The New York City Department for Cultural Affairs unveiled on Wednesday the five finalist proposals for Prospect Park’s Shirley Chisholm monument.
In November 2018, New York City announced it would build a statue of Rep. Shirley Chisholm, the first African-American woman to serve in Congress, at the Parkside entrance to Brooklyn’s Prospect Park.
The Chisholm monument is the first one to commissioned as part of She Built NYC, an initiative spearheaded by First Lady Chirlane McCray to construct public monuments honoring the New York City women who have changed history.
With the unveiling of the proposals, the city is now asking for your feedback. New Yorkers have time until Sunday, March 31 to share their thoughts here.
Below are the five proposals.
Tanda Francis‘ memorial is a bold and timeless dedication to Shirley Chisholm, supported by her own powerful words. In the proposal, Chisholm’s inspiring quotes would be embedded into the ground on the sidewalk leading to the Ocean Avenue entrance of Prospect Park. This trail tempers visitors to the mindset of this great woman as they approach her monumental bronze representation framed by vertical jets of water and light.
La Vaughn Belle
La Vaughn Belle‘s proposal reinterprets Shirley Chisholm’s famous quote, “If they don’t give you a seat at the table bring a folding chair,” and positions it into a larger framework of mobility.
The monument invites visitors to not only think about Chisholm’s personal journey from childhood to elderhood but also the movement of a people and a nation. Chisholm, wearing a turban and an eagle pin, steps boldly into a re-envisioned version of the presidential seal. The artist challenges visitors to think about how this petite black woman with a Bajan accent marking her immigrant roots could represent the promise of the United States both literally and symbolically and how her trail—to use her campaign slogan—could “bring U.S. together.”
For Mickalene Thomas, art is about accessibility and immersive experiences. Rather than portraying Chisholm standing at a podium and speaking down to her audience, this model will instead show her rooted in the peoples’ space and speaking to their truths, deeply in touch with the people of the Brooklyn community
Inspired by Chisholm’s famous quote, I”f they don’t give you a seat at the table, bring a folding chair,” her figure will be created at human-scale and seated on a car at the viewers’ level so that audiences can engage with her. The car on which she’ll sit not only captures a moment in time, but it also emphasizes the social relationships of the community— this will be a space for people to congregate. The surrounding environment will have dual-purpose benches/planters and in them the plant life will be selected to reference Shirley’s Caribbean heritage.
Firelei Baez’ proposal is comprised of a series of hand-painted metal columns that collectively shape-shift into three respective portraits of the trailblazing legislator. When viewed from different angles, this traversable forest of flower-like posts will transform into three different representations of Shirley Chisholm.

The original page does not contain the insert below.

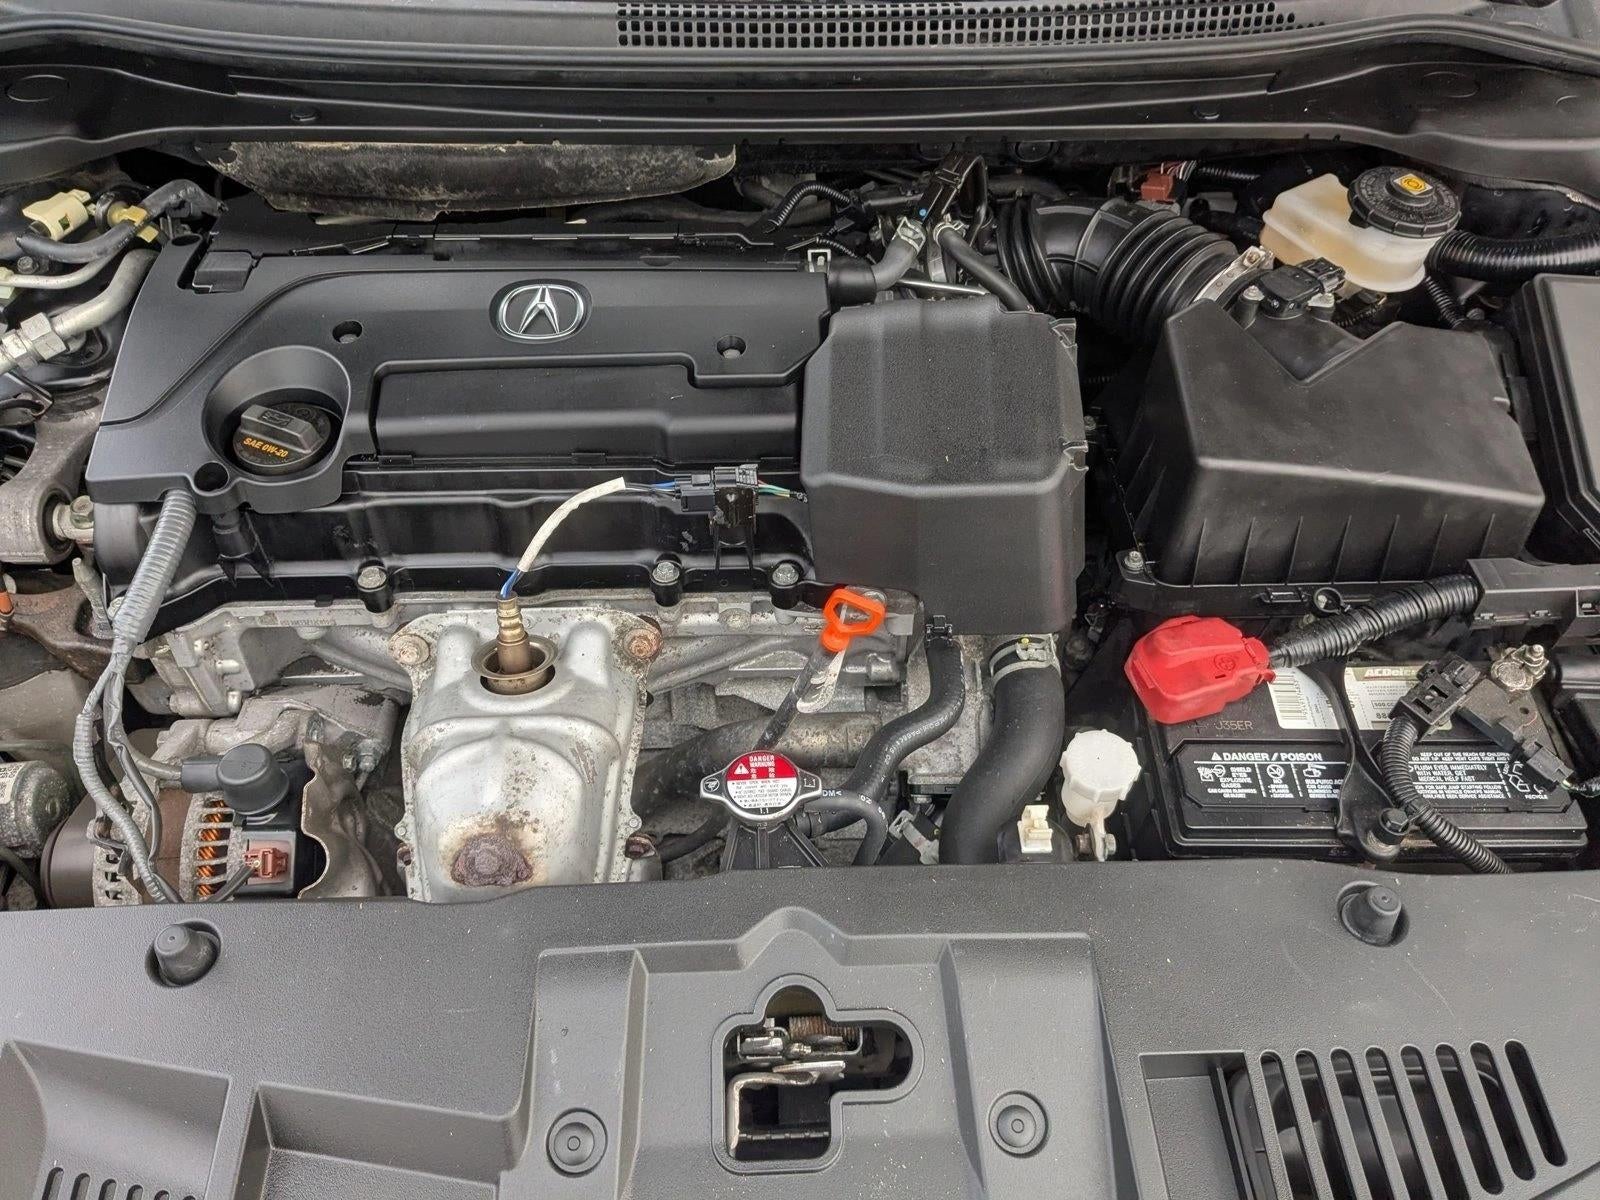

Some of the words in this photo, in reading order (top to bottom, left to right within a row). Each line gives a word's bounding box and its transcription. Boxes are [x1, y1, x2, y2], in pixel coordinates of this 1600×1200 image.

The three representations incorporate hand-painted imagery tied to inherited Afrodiasporic narratives. Two of the portraits liken Chisholm’s characteristics to those of Orishas, human embodiments of elemental spirits from the Yoruba tradition, while the third incorporates the Pan-African flag. When viewed aerially, the beams of Chisholm’s monument are arranged into the form of Sankofa, the West African symbol of a bird, which reaches back to move forward and construct our future.
The eastern-facing portrait memorializes Chisholm’s role as an activist. In this depiction, Báez reenvisions a source-image of Chisholm orating—in “activist mode”—with likeness to Oya, the fiery Orisha of destruction and construction. The western-facing blue-hued portrait memorializes Chisholm’s role as a an advocate for healthcare and access to nutrition for families as fundamental rights. Here, Chisholm’s portrait is related to the Orisha Yemanya, who harbors wisdom and offers care. The front-facing portrait, visible from the intersection of Park and Ocean Avenues, weaves together the red, black and green hues of the UNIA flag.
Amanda Williams and Olalekan Jeyfious
With their monument, Williams and Jeyfious celebrate Chisholm’s legacy as a civil servant who “left the door open” to make a space for others to follow in her path toward equity and a place in our country’s political landscape.
Depending upon your vantage point, you can see Chisholm’s silhouette inextricably intertwined with the iconic dome of the U.S. Capitol building. This mashup symbolizes how she disrupted the perception of who has the right to occupy such institutions and to be an embodiment for democracy.
This monument represents how Chisholm’s collaborative ideals were larger than herself. The ground plane is carved in a shape that mimics the amphitheater-like style of congressional seating. Each seat pays homage to those who came after Chisholm as well as leaves room for those who have yet to come.
The winning proposal will be announced next month and the monument is expected to be completed in 2020.